Modern electrical engineering education must prepare students to solve a wide range of engineering problems. Thus in the classroom, I place great emphasis on showing students how engineering fundamentals are critical to various broader issues. I employ a variety of teaching strategies, as circumstances seem to warrant. I try to balance theory and practice and use real-world examples that students can relate to. To an extent limited by large class sizes, my goal is to make every effort to actively educate the class as a whole and to build upon the strength of my students. I consider it important for my students to leave with, if nothing more, an understanding of professional and ethical responsibilities and recognition of the need for life-long learning.

Modules currently teaching:

EE6531 Selected Topics in Smart Grid Technologies

Basic concepts and structures of micro-grid, smart grid, and vehicular technologies are discussed in this module. Major topics covered are: power converters for smart grid, electric and fuel cell vehicles, battery management system, Intelligent multi-agent control and cyber security of smart grid, system level issues, and recent development in such emerging technologies.

EE4511 Sustainable Energy Systems

This module provides the students with a good understanding of analysis and management strategies for promoting the advancement and use of economically and environmentally sustainable electrical energy systems. The module will cover distributed generation and renewable energy sources, and strategies for supply and demand side management for efficient resource utilisation. Issues related to environmental impact of electrical energy generation will be discussed. Models of power distribution systems with embedded generation and microgrids will be introduced. The module will also cover supply-grid interconnection, and reliability and power quality issues.

EE4501 Power System Management & Protection

Robust and reliable power supply is a backbone of any industrial society. This module provides necessary analytical tools required to assess the performance of existing electric power systems under various operating conditions and also to plan the future expansion of such systems. In addition, it introduces various protection schemes employed in the industry. It adequately prepares students seeking employment in the electric energy related industries.
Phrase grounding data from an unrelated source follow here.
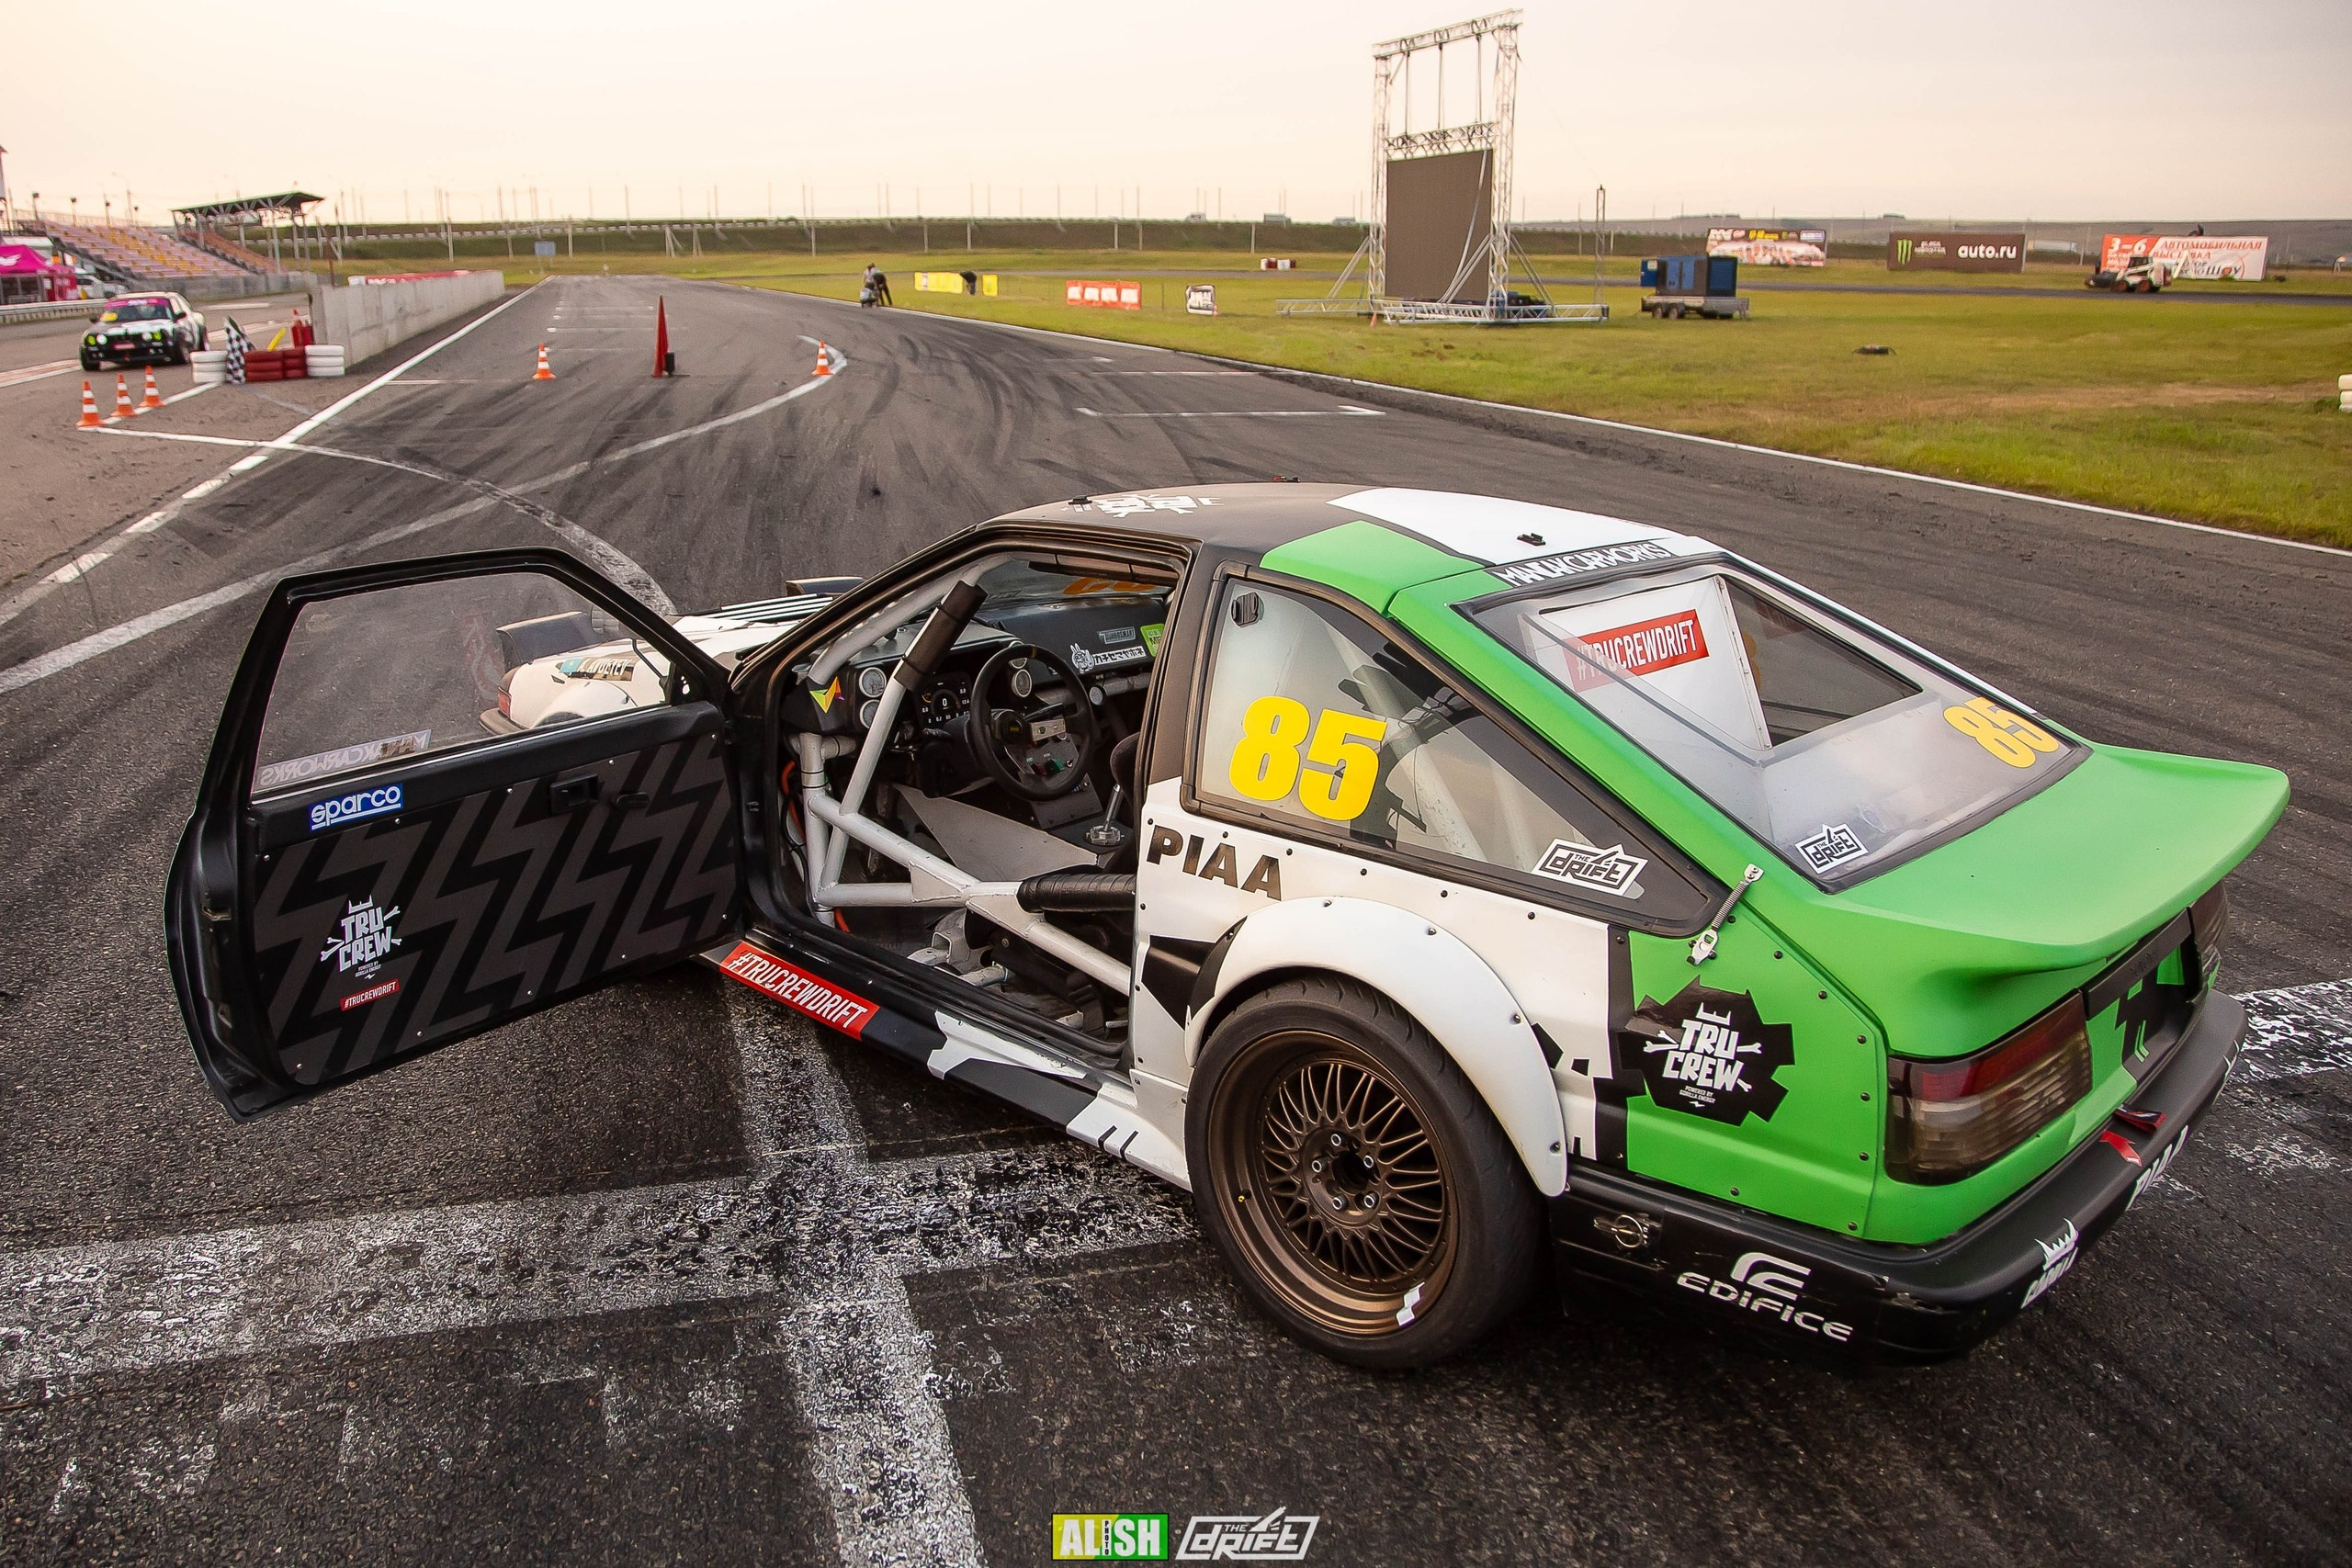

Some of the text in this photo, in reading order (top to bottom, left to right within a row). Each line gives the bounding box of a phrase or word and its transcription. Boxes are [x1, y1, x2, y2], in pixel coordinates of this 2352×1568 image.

[1958, 243, 2017, 258] auto.ru
[1576, 618, 1698, 681] #TRUCREWDRIFT
[1943, 696, 2060, 769] 85
[1228, 695, 1388, 821] 85
[311, 785, 402, 828] sparco
[1146, 824, 1283, 901] PIAA
[1573, 853, 1591, 863] THE
[341, 907, 385, 945] TRU
[338, 925, 392, 973] CREW
[344, 981, 397, 1009] #TRUCREWDRIFT
[726, 952, 868, 1029] #TRUCREWDRIFT
[1679, 1019, 1739, 1060] TRU
[1662, 1050, 1745, 1091] CREW
[1676, 1271, 1854, 1342] EDIFICE
The topics covered are: Modeling of power systems: bus admittance and bus impedance matrices, network building algorithms; Load flow studies: problem formulation, computer solution techniques, applications; Fault analysis: symmetrical components, sequence impedance networks, symmetrical and unsymmetrical faults; Protection: components, relay coordination; Protection of distribution systems; Differential, and earth fault protection systems.

EE6701 Evolutionary Computation

This course explores how principles from theories of evolution can be used to construct intelligent systems. Established evolutionary paradigms as well as, significant new developments, including evolutionary algorithms, evolutionary strategies, evolving neural networks, ant-colony optimization, artificial immune systems, and swarm intelligence will be covered. Students will be taught how these approaches identify and exploit biological processes in nature, allowing a wide range of applications to be solved in industry and business. Key problem domains such as multi-objective scheduling, optimization, search, and design will be examined. Students will gain hands-on experience in applying these techniques to real-life problems through project work.

EE5702R – Advanced Power Systems Analysis

This is a postgraduate module offered to students specializing in Power and Energy area. It provides the necessary fundamentals in power systems analysis. Current advancement in power systems is also discussed through case studies in a seminar style. Topics covered in this module include Advanced power flow analysis; Power flow equation and solution techniques; Optimal power flow; Economic dispatch; Introduction to power system state estimation; Least square state estimation and Introduction to power system controls and stability analysis. This module acts as a pre-requisite for graduate students to pursue other advanced level courses in Power Systems.